Parres pondrá en marcha un laboratorio social agroalimentario financiado con cerca de 30.000 euros y ampliado con fondos municipales, un proyecto pionero en Asturias que busca reorganizar el sistema alimentario local.

El concejo de Parres ha presentado un proyecto pionero en Asturias que pretende redefinir el sistema alimentario local mediante innovación, participación social y nuevas dinámicas de producción y consumo. La iniciativa cuenta con una financiación inicial cercana a los 30.000 euros aportados por la Consejería de Ordenación del Territorio, Urbanismo, Vivienda y Derechos Ciudadanos a través de la Dirección General de Agenda 2030, una cantidad que se ampliará con fondos municipales.

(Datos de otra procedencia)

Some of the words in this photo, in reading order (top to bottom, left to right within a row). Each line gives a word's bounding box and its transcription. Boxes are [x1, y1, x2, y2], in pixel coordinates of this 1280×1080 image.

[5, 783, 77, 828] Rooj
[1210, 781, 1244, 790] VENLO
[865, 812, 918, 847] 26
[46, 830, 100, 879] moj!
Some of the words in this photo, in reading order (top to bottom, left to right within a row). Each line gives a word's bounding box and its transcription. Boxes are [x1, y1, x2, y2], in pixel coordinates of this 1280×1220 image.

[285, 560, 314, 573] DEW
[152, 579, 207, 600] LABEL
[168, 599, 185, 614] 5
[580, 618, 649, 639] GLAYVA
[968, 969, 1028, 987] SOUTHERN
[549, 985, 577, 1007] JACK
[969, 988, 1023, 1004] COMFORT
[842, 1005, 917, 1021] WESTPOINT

La propuesta, impulsada por el consultor gastronómico Lluis Nel Estrada a finales de 2025, plantea la creación de un living lab social agroalimentario, concebido como un espacio de experimentación real en el entorno rural. En él participarán productores, consumidores, empresas y profesionales del ámbito científico. Entre sus objetivos figuran el impulso del abastecimiento de proximidad, la transformación de excedentes y la puesta en valor de los productos locales.
El proyecto aspira a consolidarse como un modelo replicable que combine innovación, desarrollo rural y sostenibilidad, situando a Parres en una posición destacada dentro de las políticas públicas vinculadas a la Agenda 2030 en Asturias.

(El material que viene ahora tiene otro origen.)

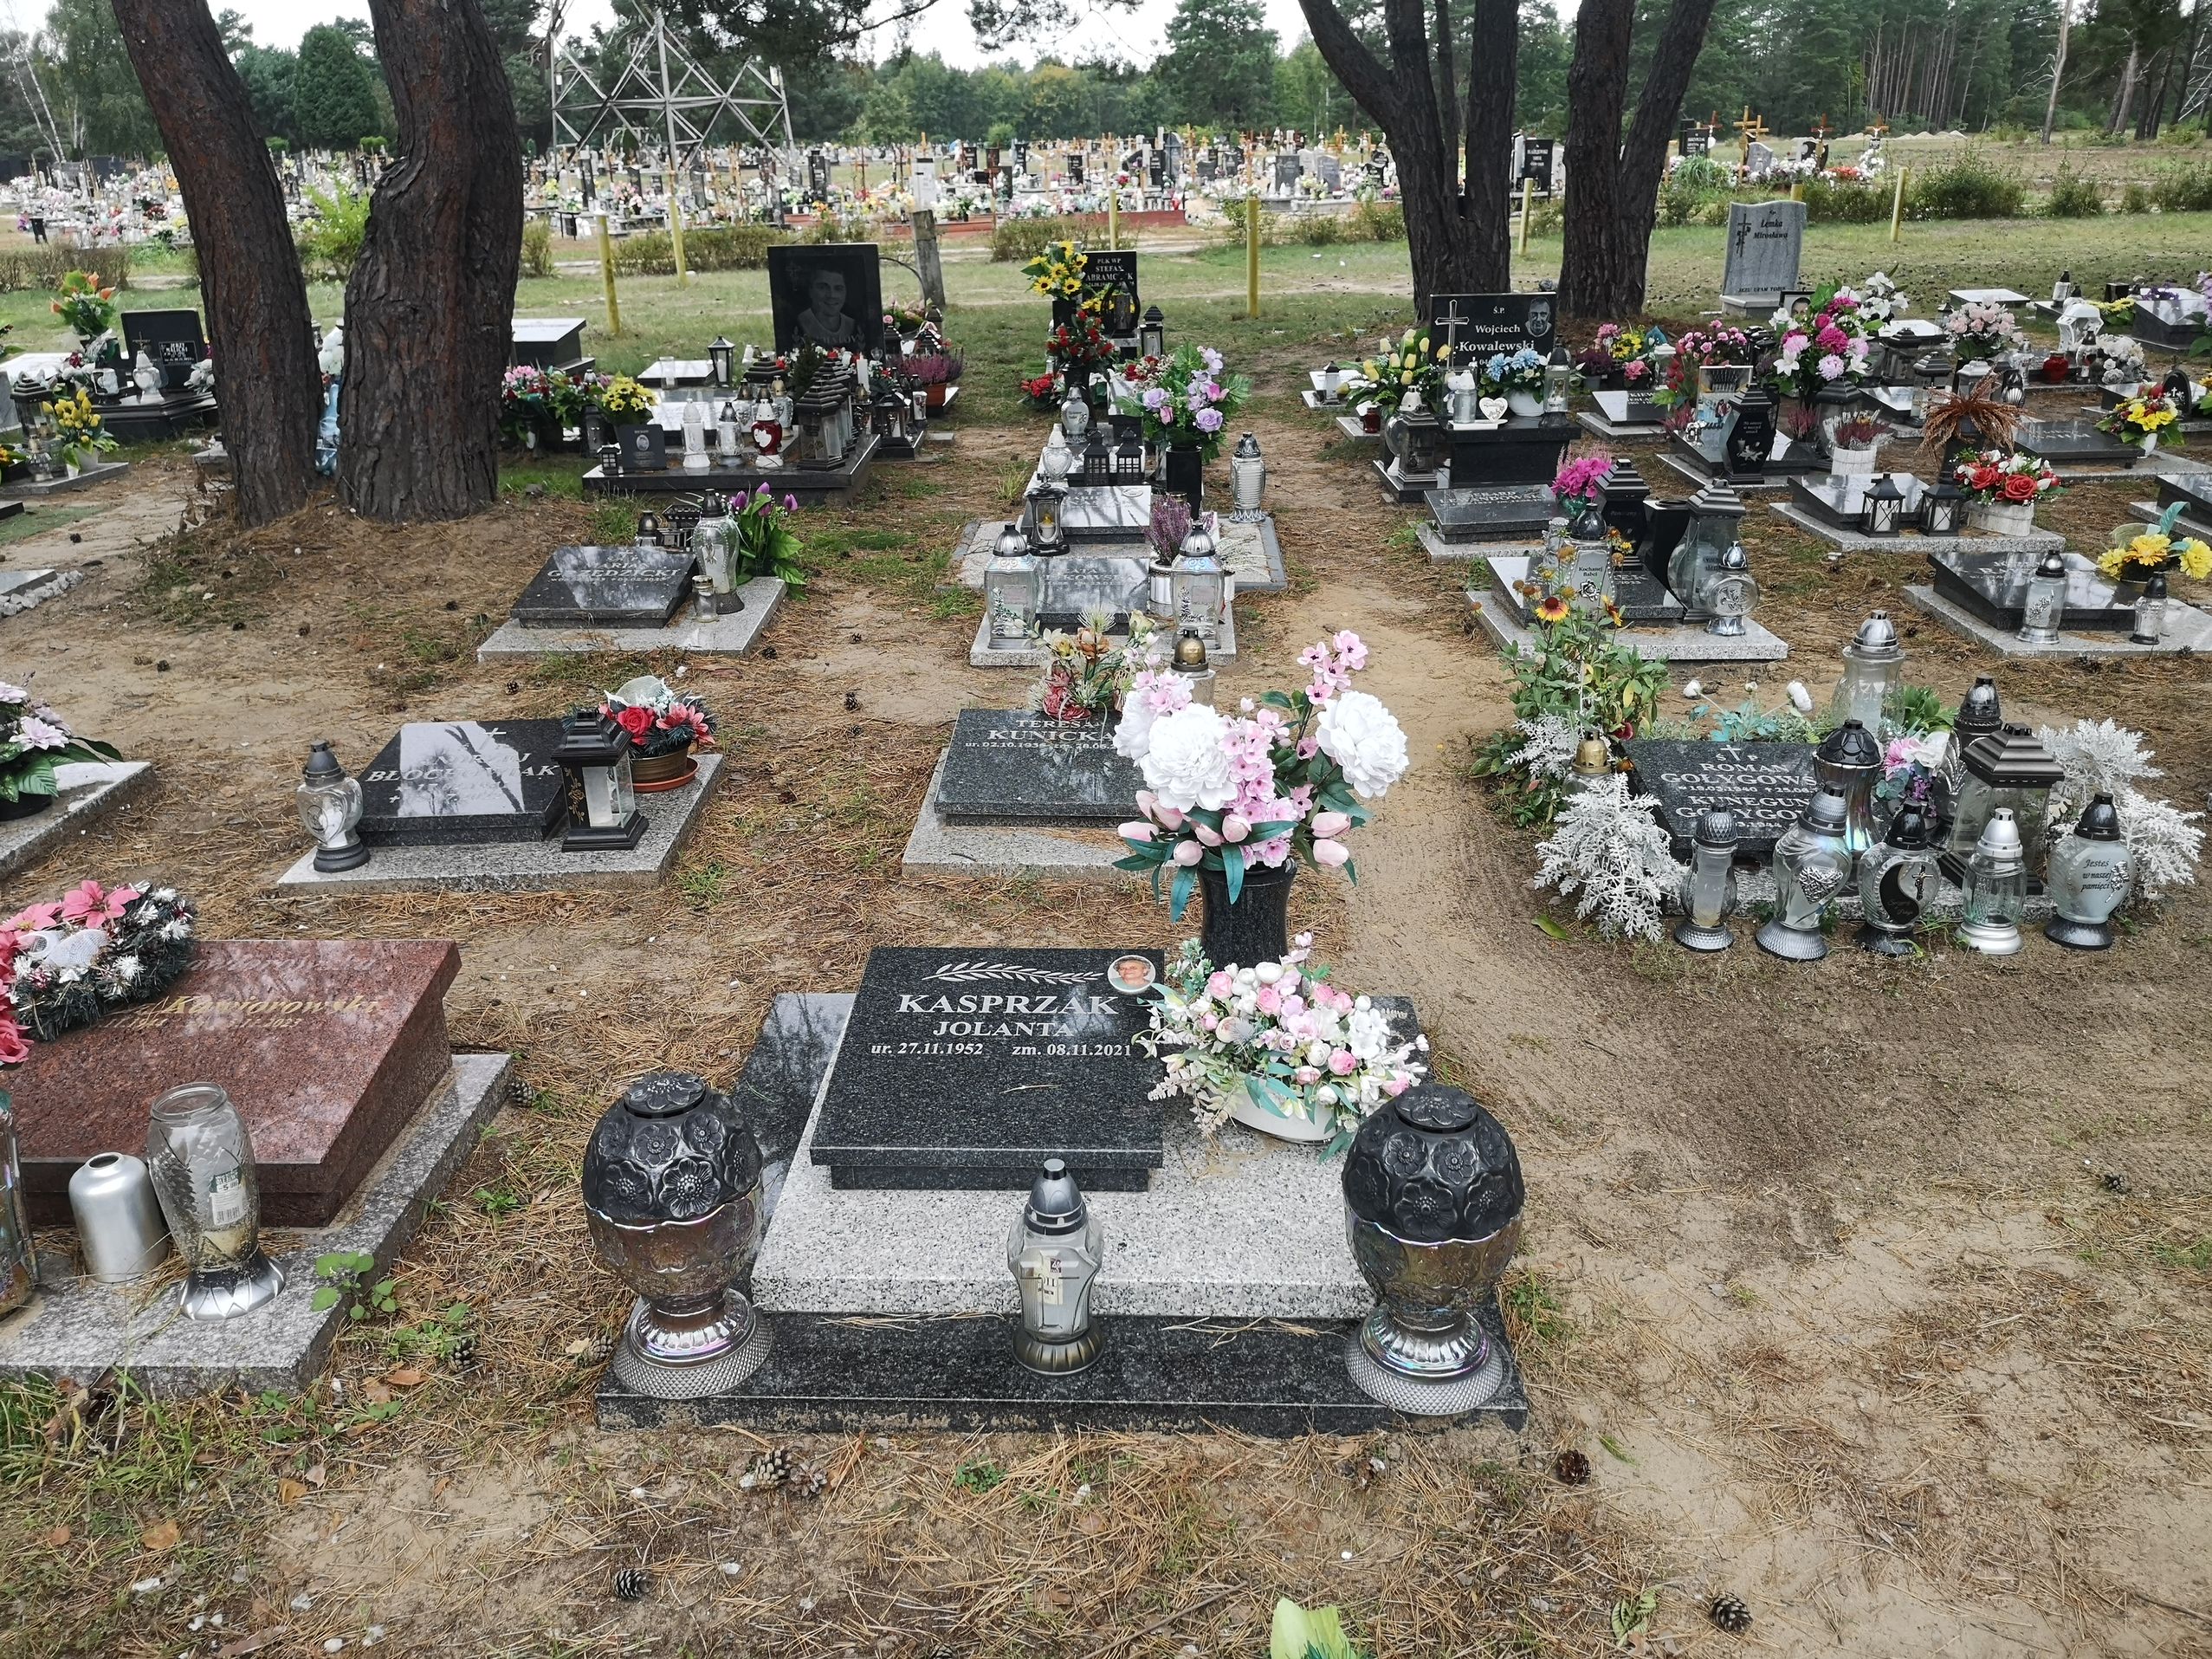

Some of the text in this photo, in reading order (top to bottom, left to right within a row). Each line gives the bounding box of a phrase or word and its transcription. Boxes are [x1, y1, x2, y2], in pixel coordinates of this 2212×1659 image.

[1085, 273, 1133, 282] ABRAMCK
[1475, 325, 1521, 335] Wojciech
[1459, 340, 1535, 352] Kowalewski
[1016, 720, 1096, 729] TERESA
[987, 729, 1115, 741] KUNICKA
[1699, 763, 1790, 773] ROMAN
[1660, 774, 1817, 786] GOŁYGOWS
[1688, 795, 1810, 807] KUNEGUN
[2083, 859, 2110, 869] Jesteś
[2091, 872, 2112, 882] naszej
[2080, 883, 2110, 893] pamięci
[896, 994, 1119, 1015] KASPRZAK
[932, 1021, 1075, 1037] JOLANTA
[870, 1042, 1131, 1057] ur. 27.11.1952 zm. 08.11.2021

Un modelo ligado a la soberanía alimentaria
El director general de Agenda 2030 del Principado, Juan Ponte, ha enmarcado la iniciativa en los retos actuales. “Nadie es más que nadie y nadie puede quedar atrás, especialmente los territorios”, ha señalado. Según ha explicado, el proyecto responde a la necesidad de reforzar la soberanía alimentaria como herramienta para garantizar un desarrollo equilibrado.
“La soberanía alimentaria implica el derecho a que todos los pueblos, a que todas las localidades, a que todos los municipios, a que todos los territorios puedan determinar políticas y prácticas relacionadas con la alimentación y con la agricultura de manera sostenible”, ha afirmado. Ponte ha añadido que este enfoque permite “gestionar democráticamente” la producción, distribución y consumo de alimentos en un contexto marcado por la volatilidad de los precios y las dificultades de acceso.

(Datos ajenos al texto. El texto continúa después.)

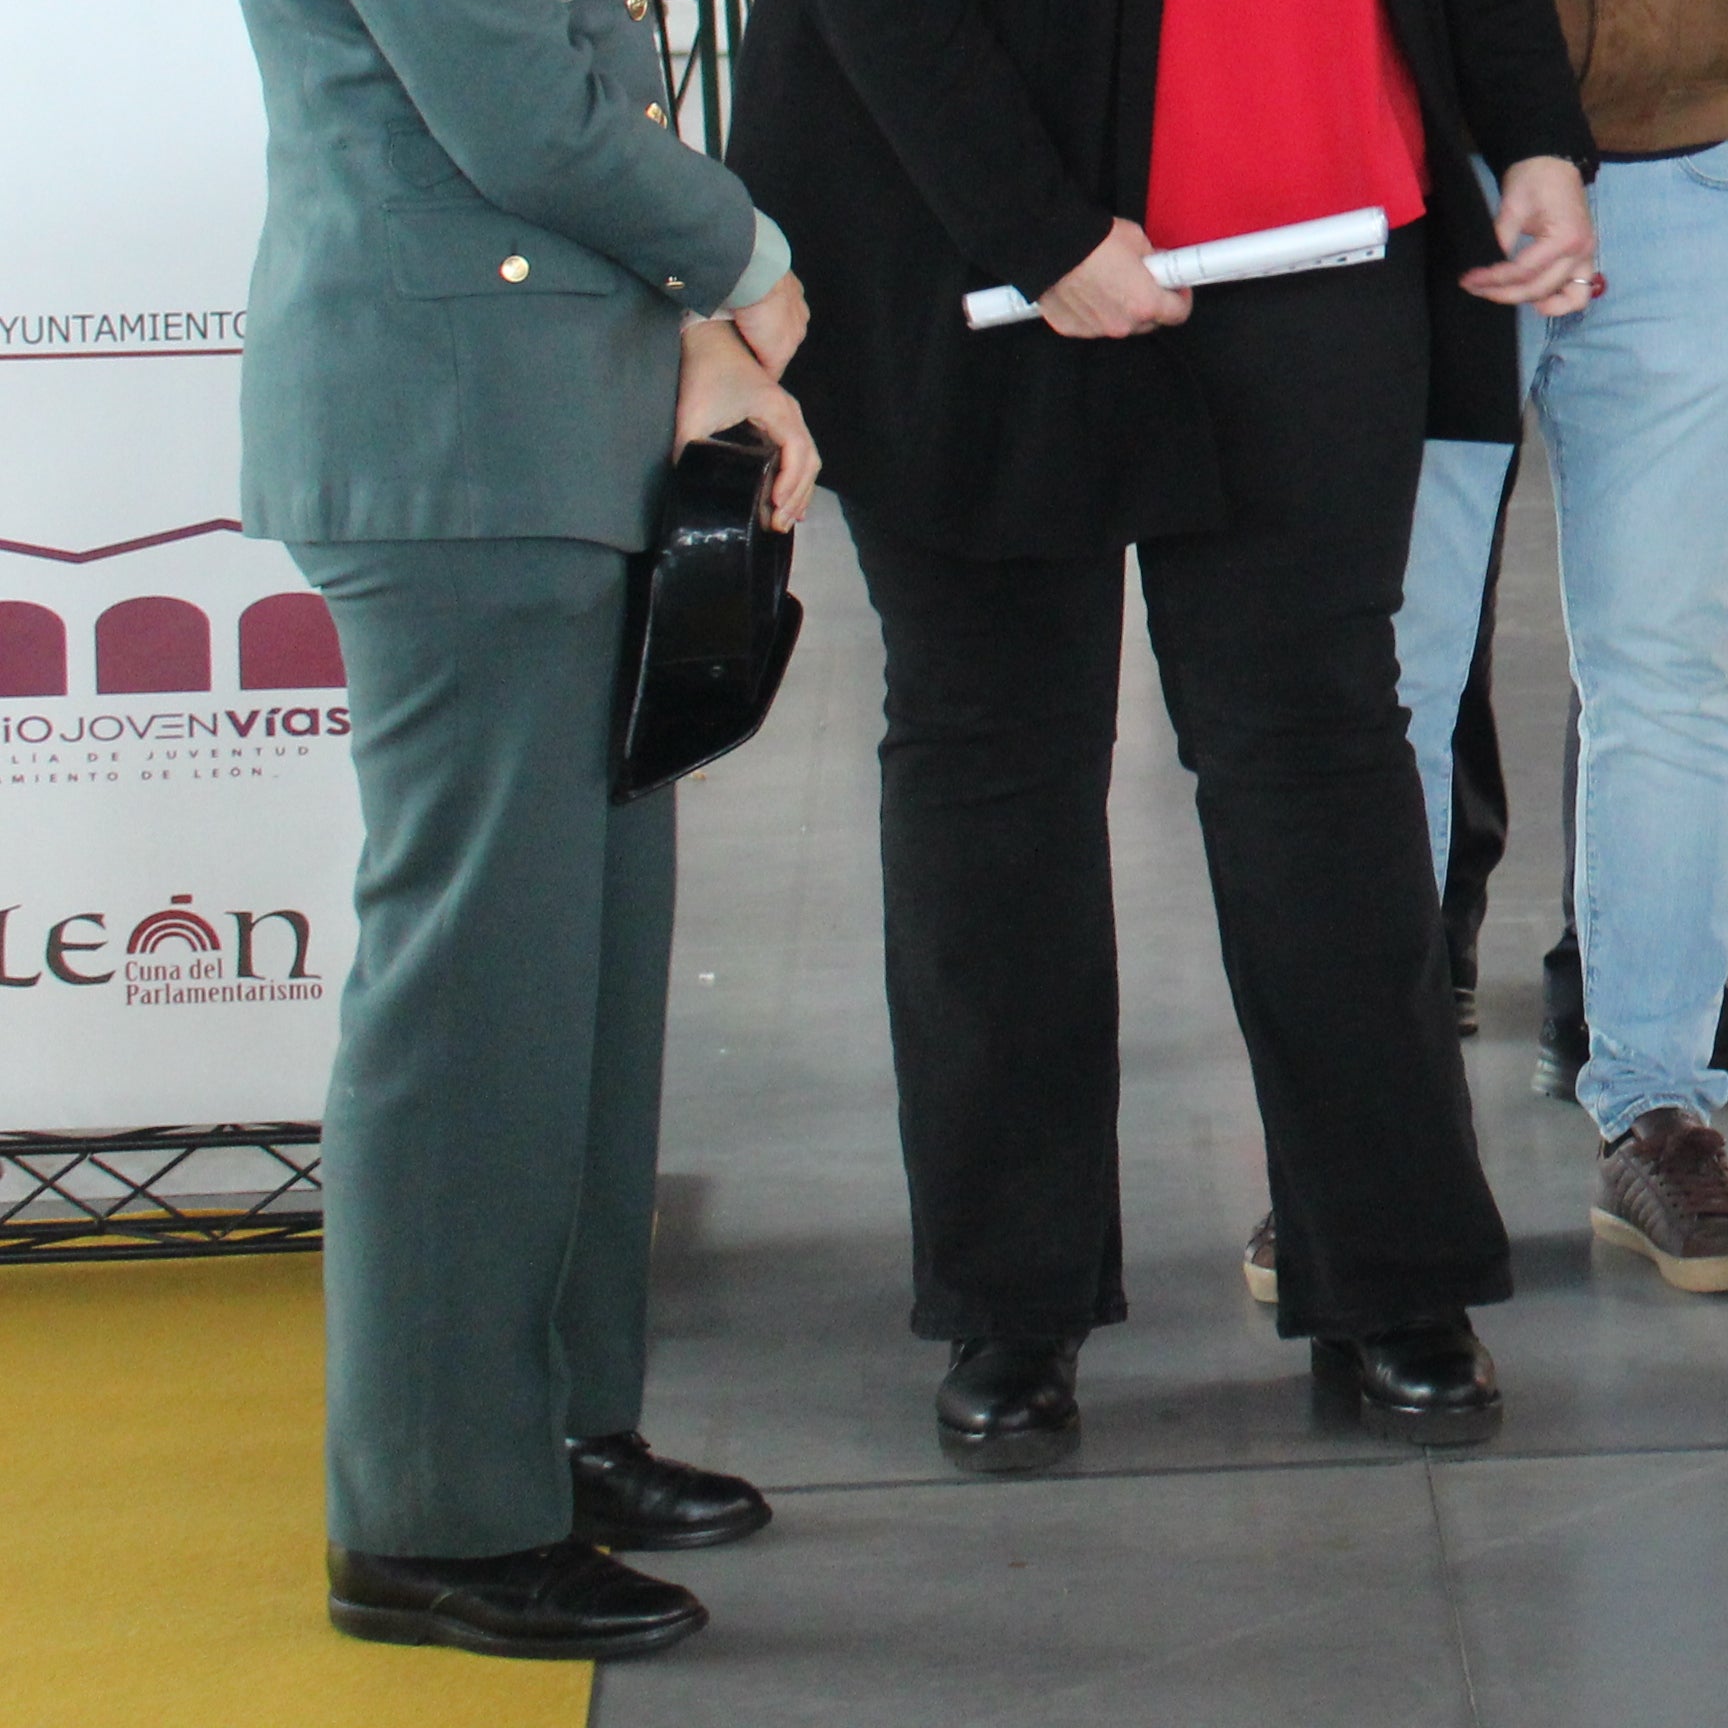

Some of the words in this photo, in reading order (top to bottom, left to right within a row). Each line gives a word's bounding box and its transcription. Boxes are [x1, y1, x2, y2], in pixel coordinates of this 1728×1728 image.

[87, 752, 120, 763] DE
[146, 746, 310, 762] JUVENTUD
[141, 771, 171, 782] DE
[125, 960, 181, 983] Cuna
[189, 958, 223, 980] del
[125, 980, 323, 1005] Parlamentarismo

Conexión con los ODS y apoyo institucional
El responsable autonómico ha destacado que el proyecto de Parres enlaza directamente con los Objetivos de Desarrollo Sostenible al integrar dimensiones sociales, ambientales y económicas. “Cuando apostamos por el producto local con políticas de kilómetro cero, cuando apostamos en el apoyo al comercio local, a nuestras agricultoras, a nuestros ganaderos, a nuestras campesinas, a nuestros campesinos, a nuestros comerciantes, se contribuye a reducir la huella de carbono, fortalecer la economía local y aumentar la resiliencia frente a un contexto global marcado por el cambio climático”.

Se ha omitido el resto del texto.